From 1985 to 1990, she served on the Ohio State Board of Education. Known in Columbus as "the highest ranking African-American education lawmaker in the state of Ohio," Prentiss served eight years in the Ohio State House of Representatives (8th district) before serving eight years in the Ohio State Senate (21st district). While in the Ohio State Senate, she represented constituents of Bratenahl, Brooklyn Heights, Cleveland Heights, Cuyahoga Heights, East Cleveland, Newburgh Heights and University Heights. She served as minority whip (during the 125th General Assembly), was Senate minority leader, was the first female president of the Ohio Legislative Black Caucus (OLBC), and was the second African-American woman to serve as the Democratic leader in the Ohio Senate (after Rhine McLin).

Prentiss was on numerous committees, and consistently advocated for those most underserved. She spearheaded significant legislation that helped to decrease the Black-white academic achievement gap, she obtained funding for all-day kindergarten and reduced class sizes, and she worked tirelessly to improve education for students of all races. Under her leadership, the NBCSL published Closing the Achievement Gap: Improving Educational Outcomes for African American Children, which helped to put the achievement gap on the national agenda.

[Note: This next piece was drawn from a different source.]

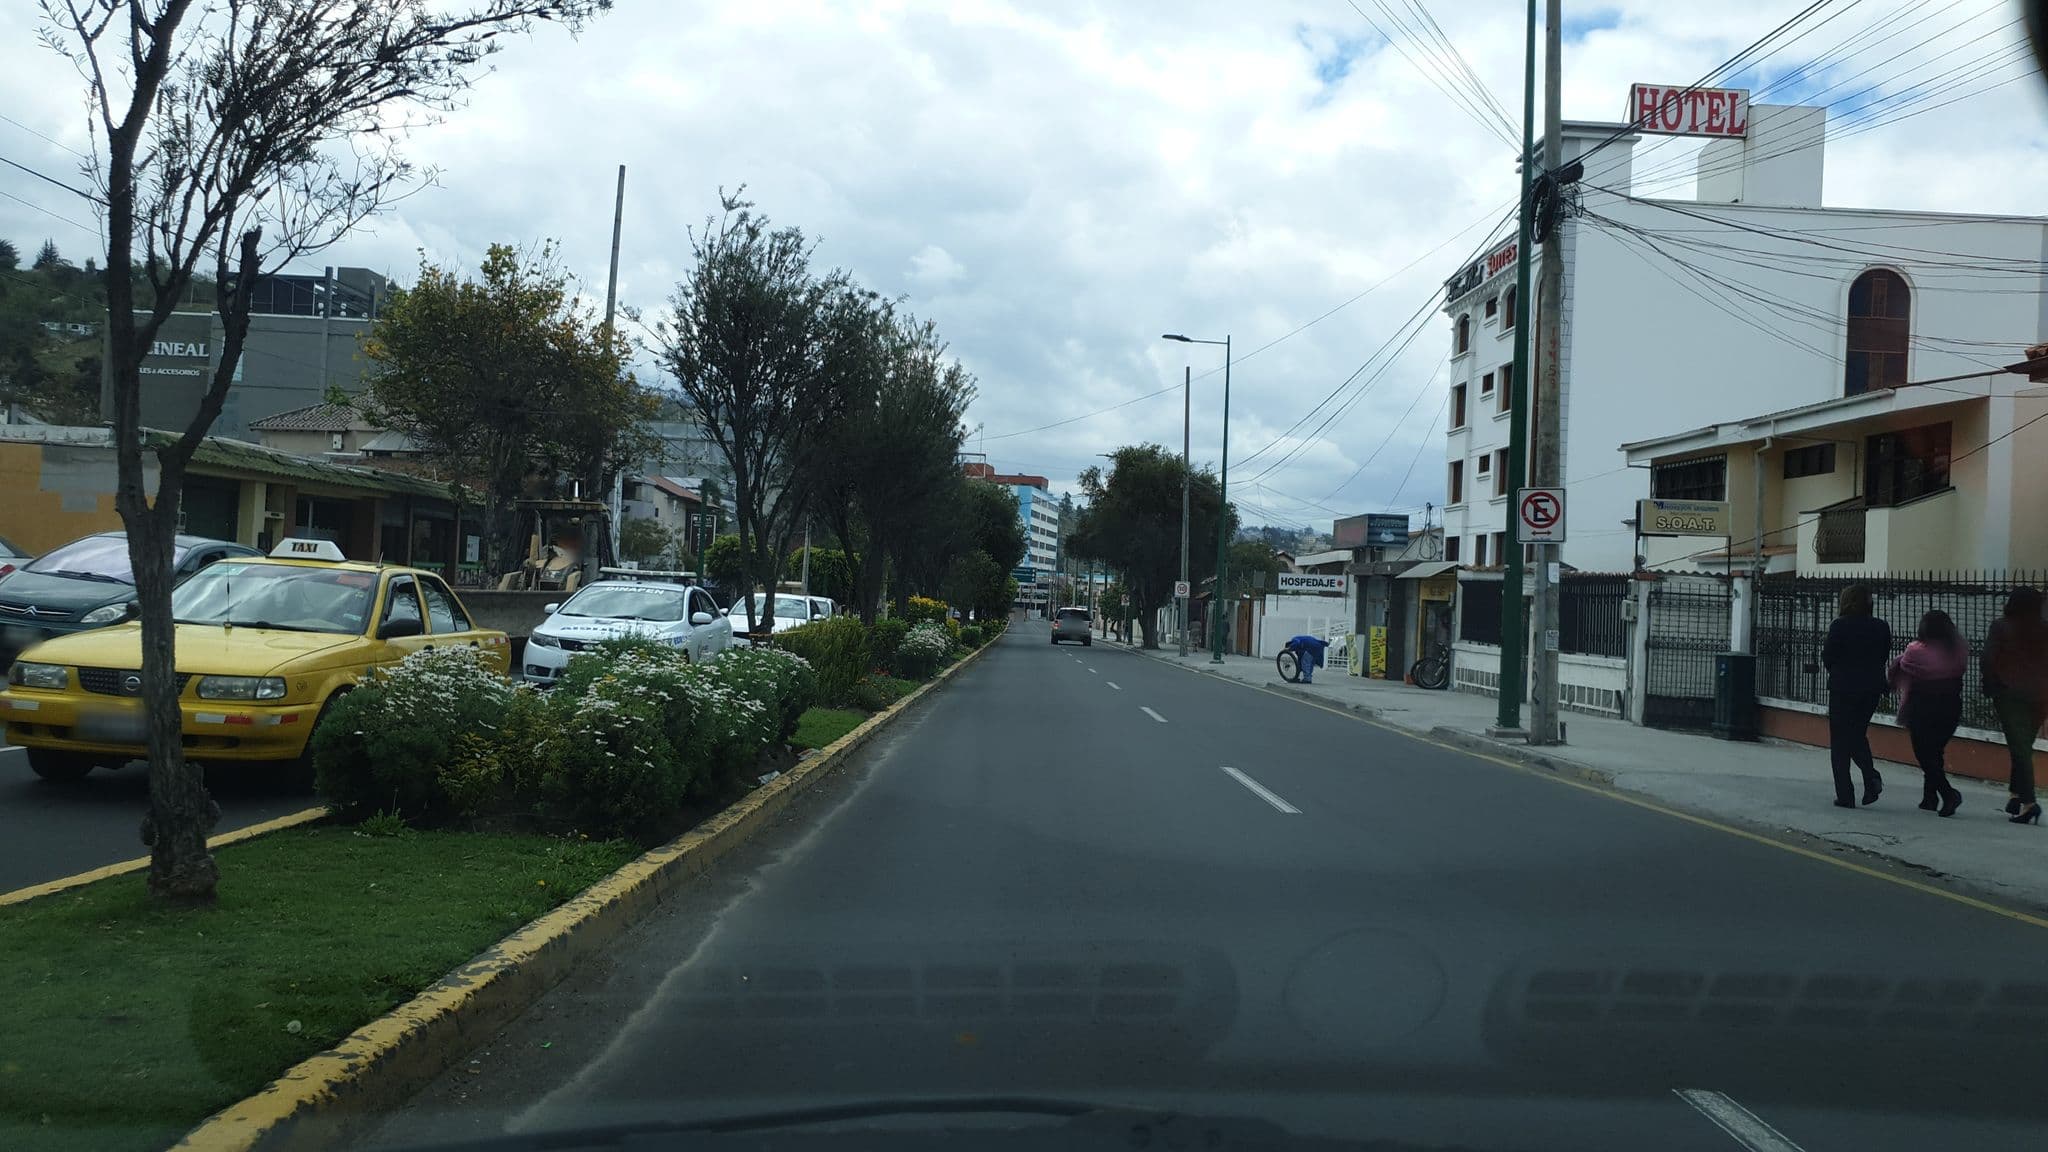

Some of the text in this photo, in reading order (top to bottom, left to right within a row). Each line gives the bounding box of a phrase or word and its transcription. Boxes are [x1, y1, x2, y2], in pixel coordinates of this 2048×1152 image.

Prentiss was also on the founding board of directors for the nonpartisan economic policy group Policy Matters Ohio.

In 2007, she was chosen to be the Special Education adviser to Ohio Governor Ted Strickland.

Prentiss appeared on the pilot episode of 30 Days, discussing living on minimum wage.

She was a candidate in the special election to replace Stephanie Tubbs-Jones in the 110th Congress, but withdrew before the primary.

Prentiss died in Cleveland on April 2, 2024, at the age of 82.